Extracted records:
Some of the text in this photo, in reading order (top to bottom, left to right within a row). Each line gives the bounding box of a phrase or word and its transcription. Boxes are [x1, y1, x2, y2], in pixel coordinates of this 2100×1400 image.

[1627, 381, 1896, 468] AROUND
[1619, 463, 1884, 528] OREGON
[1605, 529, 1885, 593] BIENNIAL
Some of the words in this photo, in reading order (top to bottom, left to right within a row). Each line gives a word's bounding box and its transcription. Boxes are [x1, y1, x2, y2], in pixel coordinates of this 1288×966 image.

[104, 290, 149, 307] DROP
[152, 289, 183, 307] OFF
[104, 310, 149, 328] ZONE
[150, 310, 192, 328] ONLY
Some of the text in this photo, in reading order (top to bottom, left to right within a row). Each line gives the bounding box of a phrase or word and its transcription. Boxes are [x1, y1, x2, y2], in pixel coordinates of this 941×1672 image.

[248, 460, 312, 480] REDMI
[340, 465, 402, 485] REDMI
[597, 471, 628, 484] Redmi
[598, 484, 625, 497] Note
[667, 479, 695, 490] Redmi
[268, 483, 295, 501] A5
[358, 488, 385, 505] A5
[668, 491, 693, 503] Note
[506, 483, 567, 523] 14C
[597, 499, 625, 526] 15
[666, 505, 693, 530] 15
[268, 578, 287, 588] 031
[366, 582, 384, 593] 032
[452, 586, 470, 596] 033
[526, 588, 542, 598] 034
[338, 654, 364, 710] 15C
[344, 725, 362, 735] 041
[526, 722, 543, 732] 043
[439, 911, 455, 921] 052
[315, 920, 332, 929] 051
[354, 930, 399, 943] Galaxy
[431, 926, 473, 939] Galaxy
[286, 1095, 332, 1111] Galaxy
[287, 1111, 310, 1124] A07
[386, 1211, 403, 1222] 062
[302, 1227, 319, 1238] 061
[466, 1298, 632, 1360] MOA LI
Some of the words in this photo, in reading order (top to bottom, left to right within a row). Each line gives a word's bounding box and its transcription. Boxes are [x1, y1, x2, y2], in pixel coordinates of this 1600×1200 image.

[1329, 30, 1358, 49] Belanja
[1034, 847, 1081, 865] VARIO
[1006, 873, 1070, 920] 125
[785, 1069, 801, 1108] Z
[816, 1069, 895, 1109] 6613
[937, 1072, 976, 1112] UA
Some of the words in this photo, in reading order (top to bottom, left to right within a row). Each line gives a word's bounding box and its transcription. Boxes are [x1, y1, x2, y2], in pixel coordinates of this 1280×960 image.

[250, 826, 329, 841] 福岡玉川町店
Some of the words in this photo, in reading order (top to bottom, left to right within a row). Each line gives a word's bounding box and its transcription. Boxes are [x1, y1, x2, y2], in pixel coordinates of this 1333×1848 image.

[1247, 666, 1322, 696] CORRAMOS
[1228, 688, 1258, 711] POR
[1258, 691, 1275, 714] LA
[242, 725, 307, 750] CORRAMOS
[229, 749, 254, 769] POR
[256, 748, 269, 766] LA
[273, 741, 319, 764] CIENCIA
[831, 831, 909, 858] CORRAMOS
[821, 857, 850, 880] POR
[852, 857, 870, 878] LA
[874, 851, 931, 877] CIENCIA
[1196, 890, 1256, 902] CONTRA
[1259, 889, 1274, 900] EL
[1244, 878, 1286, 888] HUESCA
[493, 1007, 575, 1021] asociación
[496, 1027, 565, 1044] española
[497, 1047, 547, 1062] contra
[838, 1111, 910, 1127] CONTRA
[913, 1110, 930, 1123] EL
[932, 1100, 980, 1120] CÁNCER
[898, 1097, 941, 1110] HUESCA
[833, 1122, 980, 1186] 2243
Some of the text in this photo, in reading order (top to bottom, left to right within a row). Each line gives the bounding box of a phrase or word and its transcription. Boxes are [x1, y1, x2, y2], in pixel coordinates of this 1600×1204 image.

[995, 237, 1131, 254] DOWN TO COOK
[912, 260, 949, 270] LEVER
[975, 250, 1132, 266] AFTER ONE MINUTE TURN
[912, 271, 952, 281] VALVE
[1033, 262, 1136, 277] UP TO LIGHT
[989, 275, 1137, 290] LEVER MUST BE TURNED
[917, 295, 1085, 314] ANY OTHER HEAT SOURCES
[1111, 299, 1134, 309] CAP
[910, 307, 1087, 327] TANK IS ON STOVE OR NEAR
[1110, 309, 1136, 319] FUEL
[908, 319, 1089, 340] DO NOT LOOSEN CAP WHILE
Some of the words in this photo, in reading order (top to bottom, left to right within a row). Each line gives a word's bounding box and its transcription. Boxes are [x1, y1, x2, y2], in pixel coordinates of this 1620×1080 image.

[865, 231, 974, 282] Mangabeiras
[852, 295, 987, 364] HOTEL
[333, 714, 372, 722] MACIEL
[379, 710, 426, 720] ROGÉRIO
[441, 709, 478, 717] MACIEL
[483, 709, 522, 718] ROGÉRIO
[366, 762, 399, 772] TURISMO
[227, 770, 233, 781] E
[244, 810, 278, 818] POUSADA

Problem:
Output only the lines from the one containing "this 1620×1080 image." through the end of the material, please, exactly as they appear.

Exercise output:
Some of the words in this photo, in reading order (top to bottom, left to right within a row). Each line gives a word's bounding box and its transcription. Boxes are [x1, y1, x2, y2], in pixel coordinates of this 1620×1080 image.

[865, 231, 974, 282] Mangabeiras
[852, 295, 987, 364] HOTEL
[333, 714, 372, 722] MACIEL
[379, 710, 426, 720] ROGÉRIO
[441, 709, 478, 717] MACIEL
[483, 709, 522, 718] ROGÉRIO
[366, 762, 399, 772] TURISMO
[227, 770, 233, 781] E
[244, 810, 278, 818] POUSADA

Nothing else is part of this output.